Mit einem Brief wandten sie sich Mitte November an die selbstständigen Edeka-Kaufleute in der Region, um sie zu gewinnen, sich für den Erhalt des Fuhrparks einzusetzen. Das Schreiben zeigte Wirkung; viele Empfänger des Briefes bekannten sich zum Edeka-eigenen Fuhrpark. "Sie setzen auf die Zuverlässigkeit der Fahrer und auf die Werbung, die die Schriftzüge auf den LKW für Edeka bringen", sagt Klaus Michl, Betriebsratsvorsitzender im Edeka-Lager Gochsheim. "Fahrer haben eine Vertrauensposition, es ist für die Kaufleute nicht akzeptabel, wechselnden Fahrern aus Speditionen Zugang zu den Lagerräumen zu gewähren."

Zuspruch bundesweit

Und nicht nur die Kaufleute protestieren gegen den Plan von Geschäftsführer Klaus Rohrer, der schon in leitender Position bei Lidl tätig war. Er will den Fuhrpark schließen und die Fuhren an Speditionen vergeben. Auch in Edeka-Lagern, E-Centern und Marktkauf-Filialen der Republik erklärten sich in wenigen Tagen 1 400 Beschäftigte mit ihrer Unterschrift solidarisch mit dem Anliegen ihrer Kolleg/innen in Nordbayern, Sachsen und Thüringen. "Gerade in unserer Region ist die Arbeitslosigkeit schon hoch", sagt Wolfgang Stark, Gesamtbetriebsratsvorsitzender der Edeka-Lager in Nordbayern. "Wir wollen auf jeden Fall unseren Fuhrpark erhalten."

Geschäftsführer Rohrer wollte über Wochen den geplanten Stellenabbau und die Verlagerung weder bestätigen noch dementieren.

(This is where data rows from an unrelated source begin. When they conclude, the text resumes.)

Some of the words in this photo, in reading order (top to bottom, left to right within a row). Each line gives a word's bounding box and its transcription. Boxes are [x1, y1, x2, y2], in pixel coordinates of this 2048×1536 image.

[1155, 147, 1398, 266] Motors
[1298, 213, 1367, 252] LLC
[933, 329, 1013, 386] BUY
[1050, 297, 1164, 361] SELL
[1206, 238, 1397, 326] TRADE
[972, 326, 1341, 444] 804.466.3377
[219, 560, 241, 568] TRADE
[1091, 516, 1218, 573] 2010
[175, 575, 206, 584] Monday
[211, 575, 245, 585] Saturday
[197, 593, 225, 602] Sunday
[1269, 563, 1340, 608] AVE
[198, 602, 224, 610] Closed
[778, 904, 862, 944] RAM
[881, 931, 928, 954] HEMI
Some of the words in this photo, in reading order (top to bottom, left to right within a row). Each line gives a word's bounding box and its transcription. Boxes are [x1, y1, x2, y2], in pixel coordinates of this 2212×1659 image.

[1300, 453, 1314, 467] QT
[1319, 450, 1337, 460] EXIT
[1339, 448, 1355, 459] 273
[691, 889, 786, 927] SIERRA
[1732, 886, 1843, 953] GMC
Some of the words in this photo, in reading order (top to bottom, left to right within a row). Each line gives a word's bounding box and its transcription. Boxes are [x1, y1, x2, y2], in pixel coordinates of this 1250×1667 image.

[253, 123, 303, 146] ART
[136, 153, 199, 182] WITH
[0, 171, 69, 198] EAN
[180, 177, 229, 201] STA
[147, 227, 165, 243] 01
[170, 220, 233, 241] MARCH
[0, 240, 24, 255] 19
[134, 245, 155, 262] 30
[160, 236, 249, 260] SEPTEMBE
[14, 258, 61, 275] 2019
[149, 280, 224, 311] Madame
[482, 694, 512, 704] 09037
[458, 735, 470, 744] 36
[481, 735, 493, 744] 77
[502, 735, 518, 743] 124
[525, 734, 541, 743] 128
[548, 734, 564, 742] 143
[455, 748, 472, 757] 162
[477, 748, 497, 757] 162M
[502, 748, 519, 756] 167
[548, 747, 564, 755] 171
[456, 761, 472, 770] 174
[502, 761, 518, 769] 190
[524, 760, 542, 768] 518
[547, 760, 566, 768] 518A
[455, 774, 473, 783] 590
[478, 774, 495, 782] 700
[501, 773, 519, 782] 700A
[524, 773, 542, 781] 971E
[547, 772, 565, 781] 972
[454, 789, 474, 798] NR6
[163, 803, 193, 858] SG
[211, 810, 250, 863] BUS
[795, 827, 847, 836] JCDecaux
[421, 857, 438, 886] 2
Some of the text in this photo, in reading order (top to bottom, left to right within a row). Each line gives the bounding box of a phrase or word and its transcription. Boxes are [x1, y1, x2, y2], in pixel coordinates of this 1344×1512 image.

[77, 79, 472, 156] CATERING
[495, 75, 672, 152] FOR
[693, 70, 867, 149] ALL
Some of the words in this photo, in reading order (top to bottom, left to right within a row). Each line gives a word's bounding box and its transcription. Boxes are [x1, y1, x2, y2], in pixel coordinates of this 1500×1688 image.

Gleichzeitig bekamen aber erste - bisher befristet eingestellte - Edeka-Fahrer Jobangebote von der ostdeutschen Spedition Pfeiffer. Mit deutlich schlechteren Konditionen. Pfeiffer und die Speditionen Pflaum und Pfennig sollen nach bisherigem Kenntnisstand künftig die Edeka-Waren zu den Einzelhändlern bringen. Wolfgang Stark sagt: "Gegenüber der heutigen Vergütung würden die Fahrer dort rund 200 Euro brutto im Monat einbüßen. Im Lager träfe die Kommissioniererinnen bei einer Auslagerung sogar ein Minus von etwa 300 Euro monatlich." Auch zum Abschluss eines Sozialtarifvertrags war die Edeka-Geschäftsleitung nicht bereit; die Verhandlungen scheiterten Ende November. "Wir wollten für die Beschäftigten an den sechs Lagerstandorten eine soziale Absicherung erreichen. Da der Arbeitgeber das ablehnt, werden wir nun mit Aktionen auf unser Anliegen hinweisen", erklärt Stefan Kraft vom ver.di-Landesfachbereich Handel in Bayern.

Für Mitte Dezember sind öffentliche Aktionen in vielen Städten der Region geplant, unter Einbeziehung der örtlichen Politik, die ebenfalls nichts von dem Stellenabbau hält.

Die Beschäftigten setzen beim Kampf um ihre Arbeitsplätze auf ihre Gewerkschaft: In den zwei Wochen nach Bekanntwerden der Auslagerungspläne sind mehr als 200 Mitarbeiter/innen an den sechs Lagerstandorten in die Gewerkschaft eingetreten. Gudrun Giese

Freispruch

Die Edeka-Betriebsrätin Gaby Gramckow aus Witten wurde Ende November von dem Verdacht des Diebstahls vor dem Amtsgericht Witten freigesprochen. In den letzten drei Jahren versuchte ihr Arbeitgeber, sie zunächst durch Abmahnungen und schließlich durch Kündigung wegen angeblich gestohlener Uhren loszuwerden (ver.di PUBLIK 5_2009). Gaby Gramckow wartet jetzt auf ihren neuerlichen Prozess vor dem Arbeitsgericht Bochum, in dem es um ihre Wiederbeschäftigung gehen wird.